Home > The Glass Kingdom(9)

The Glass Kingdom(9)
Author: Lawrence Osborne

   “French and fat. It’s how I like them.”

   “What’s his name?”

   “Gregoire, if you can believe it.”

   The two women laughed.

   “And what about Nat?”

   “Natalie?” Ximena handed back the joint that she had hoarded for a while. “What about her? She’s a hotel manager, but her money is independent. She’s married to a perfect jackass, though. He’s a lawyer. Have you ever met one who wasn’t a jackass?”

   Sarah took a slow drag and began to feel it overwhelming her completely.

   “I’m sure they never have sex,” Ximena went on. “I see him in the elevator but he never says hello to me.”

   “Which floor are they on?”

   “The twenty-first, in one of the penthouses. They have some serious money. I’d much rather play poker on her balcony but the husband makes it into such a drama.”

       “So she never brings him?”

   “To our girls’ night? No. I think she’s relieved to get away from him for a little late-night fun.”

   “All the same,” Sarah thought aloud, “maybe not having sex is a good basis for a marriage.”

   At that moment the doorbell rang.

   It was Mali bearing a bottle of sake and dressed in a black skirt two inches above the knee hemmed with matching brocade. She looked as if she had just returned from dancing on a table at a club. Her face was flushed with the corridor’s heat, and when she saw Sarah she let out a long and welcoming cry. Though the rain outside had not yet started, her hair sparkled with intact water drops, and her skin was misted as if sprayed, like the surfaces of supermarket peaches, Ximena thought, not yet knowing how to decode the physical details of the Thai girl from the fourteenth floor. She had given the newcomer the impression that she knew Mali quite well, but that was not at all the case. To her, Mali was as novel as she surely was to Sarah. The Thai girl’s slow, wary eyes were still surprising, her affected English still curious.

   “So, you two have been chatting,” Mali said as she came in her bare feet out onto the deck. “Are you friends yet? How are you getting on?”

   “Like a house on fire, by arson,” Ximena said, “and almost burned to the ground.”

 

* * *

 

   —

   Sarah was by now pleasantly high. She looked up to see an indolent moon hanging just out of reach of the city’s glare, moving in and out of rolling clouds as they dispersed slowly around a starless zenith, their edges flickering with lightning. In the immense rain trees swarms of bats swooped around the towers as if disoriented.

       Inside, they rolled another joint and Mali sat with her feet curled underneath her while they drank another round of the yadong from cut-glass tumblers. She told them about her trip to the gold markets in Chinatown to buy T rings. It was a popular form of investing here. Sarah thought she was just as swaggering—if that was the word—as she had been the first time they met. Like something rolling downhill at high speed but with no end in sight. They ate some lasagna that Ximena had made, and waited for Natalie to show up before breaking out the cards.
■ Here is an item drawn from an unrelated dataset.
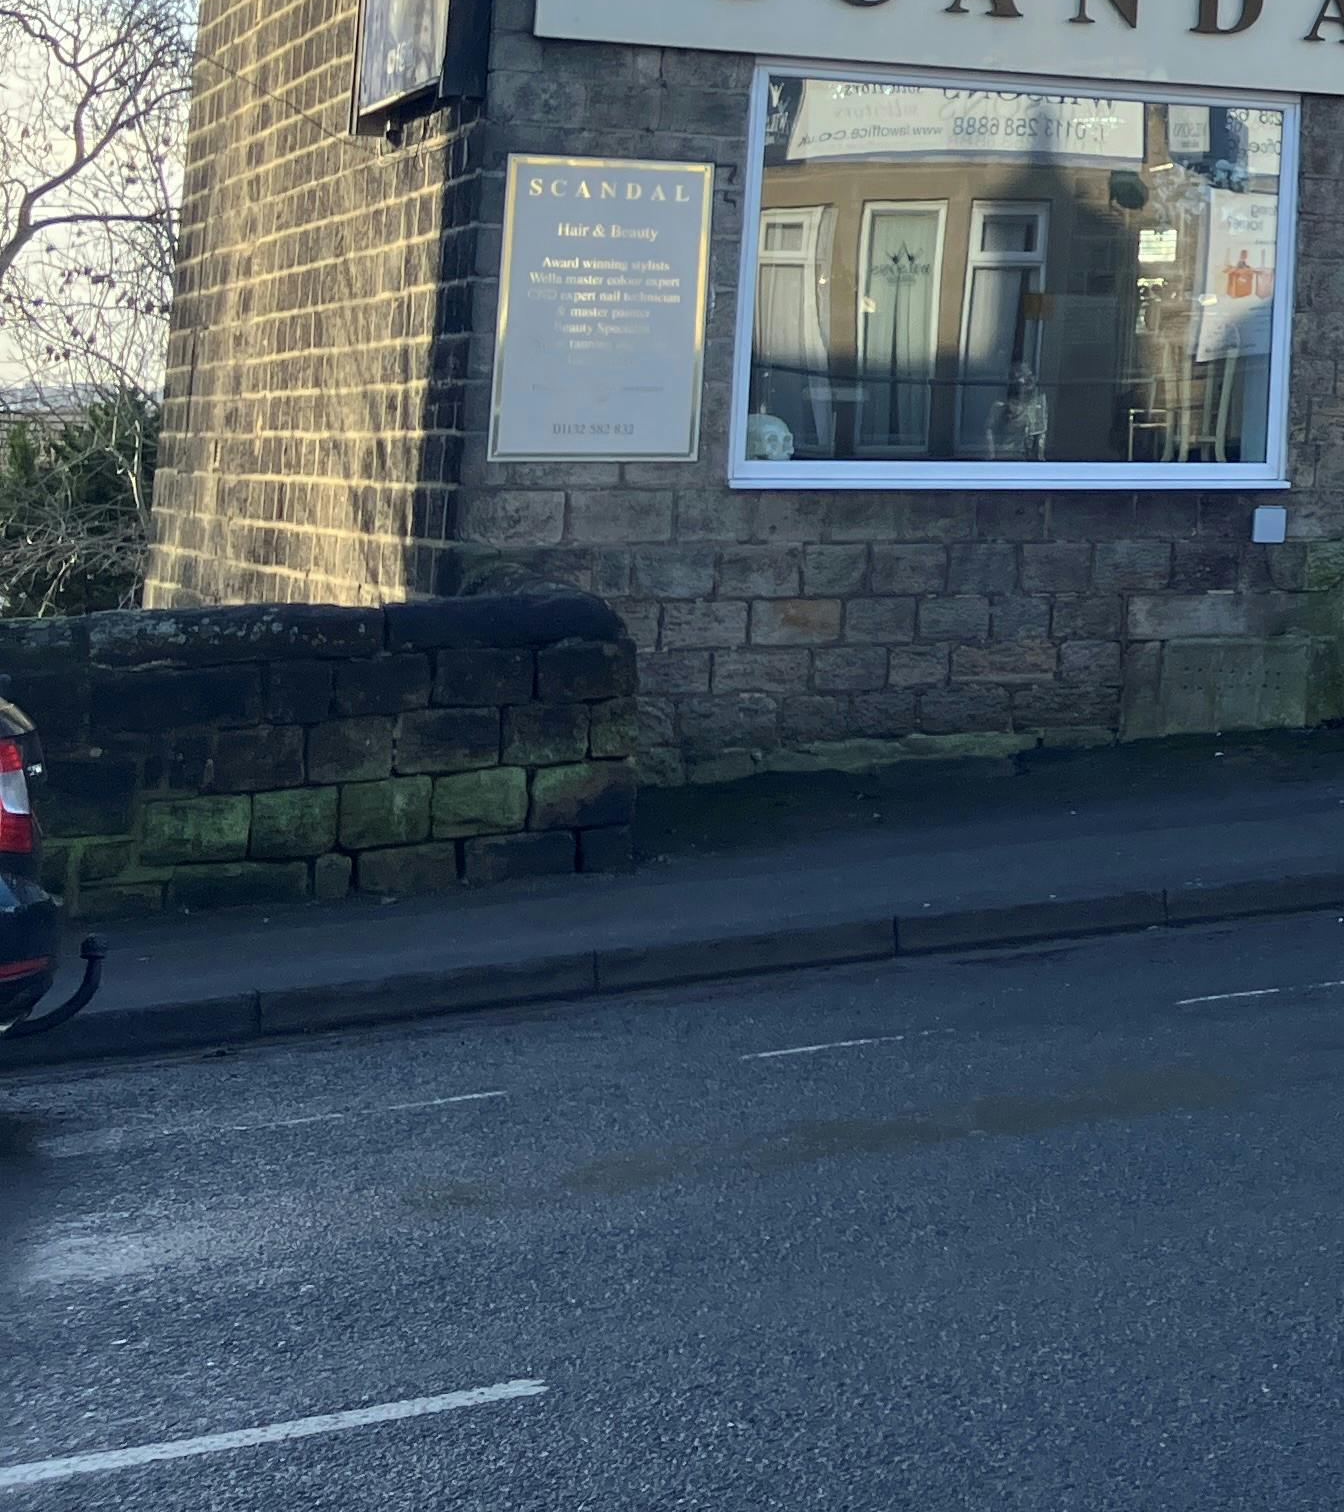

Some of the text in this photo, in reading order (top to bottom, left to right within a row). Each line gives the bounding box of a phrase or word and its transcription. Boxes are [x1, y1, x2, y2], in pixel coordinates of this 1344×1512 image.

   It was ten o’clock before she did. And then in strode a tall and shaky-looking British woman of about forty carrying a black leather tote bag, thin and fleshless, with a large nose that made her ponderous and melancholy-looking. A stork, Sarah thought at once, even as she regretted the cruelty of the thought.

   Natalie saw the newcomer at once and made a beeline for her, one hand extended, a little cold: “I’m Natalie.”

   “Sarah.”

   She was in hotel-manager gear: black tights and shoes, a dark green silk skirt with a matching jacket. She was drenched with rain and sweat, and after the handshake she went to the bathroom to towel herself dry. When she came back, she appeared brighter and less tense. They dealt the cards, lit up a third joint, and began to play a round of poker. Natalie, having taken her place, unfurled her long legs under the table and her foot brushed against Sarah’s calf. Their eyes met. The bottle of yadong was soon half empty and they were on their fourth, then fifth joint. The ganja seemed to be inexhaustible. Ximena’s supplier, it turned out, was Mali, who had family connections in the north and could get Green Demon, the best leaf from the hills north of Chiang Rai.

       “So you’re new here,” Nat said to Sarah as they were making a toast. “I think I saw you on the street the other day.”

   Her eyes contained a strange hint of vendetta, Sarah thought to herself.

   “No one knows anything about Sarah,” Mali said with a smile. “She’s the most mysterious tenant in the Kingdom. She’s renting directly from the Lims.”

   “Who was in your place before?” Nat asked. She turned to Ximena. “It was that Japanese couple, no?”

   “I can’t remember.”

   “I’m sure I remember them. I wonder if the Lims had an exorcism after they left.”

   “Why?” Sarah asked. “What was wrong with them?”

   “Nothing at all,” Ximena said. “The Lims are just famous for having exorcisms. They’re superstitious. Or so I’ve been told. They’re the richest landowners in the city, or one of the richest. The great-grandfather was a Chinese tax collector back in the day. They made their money in pharmaceuticals later, and then tobacco. Now they’re a decaying dynasty. The children are all wastrels and known to the nightclubs.” Natalie threw back her head and laughed.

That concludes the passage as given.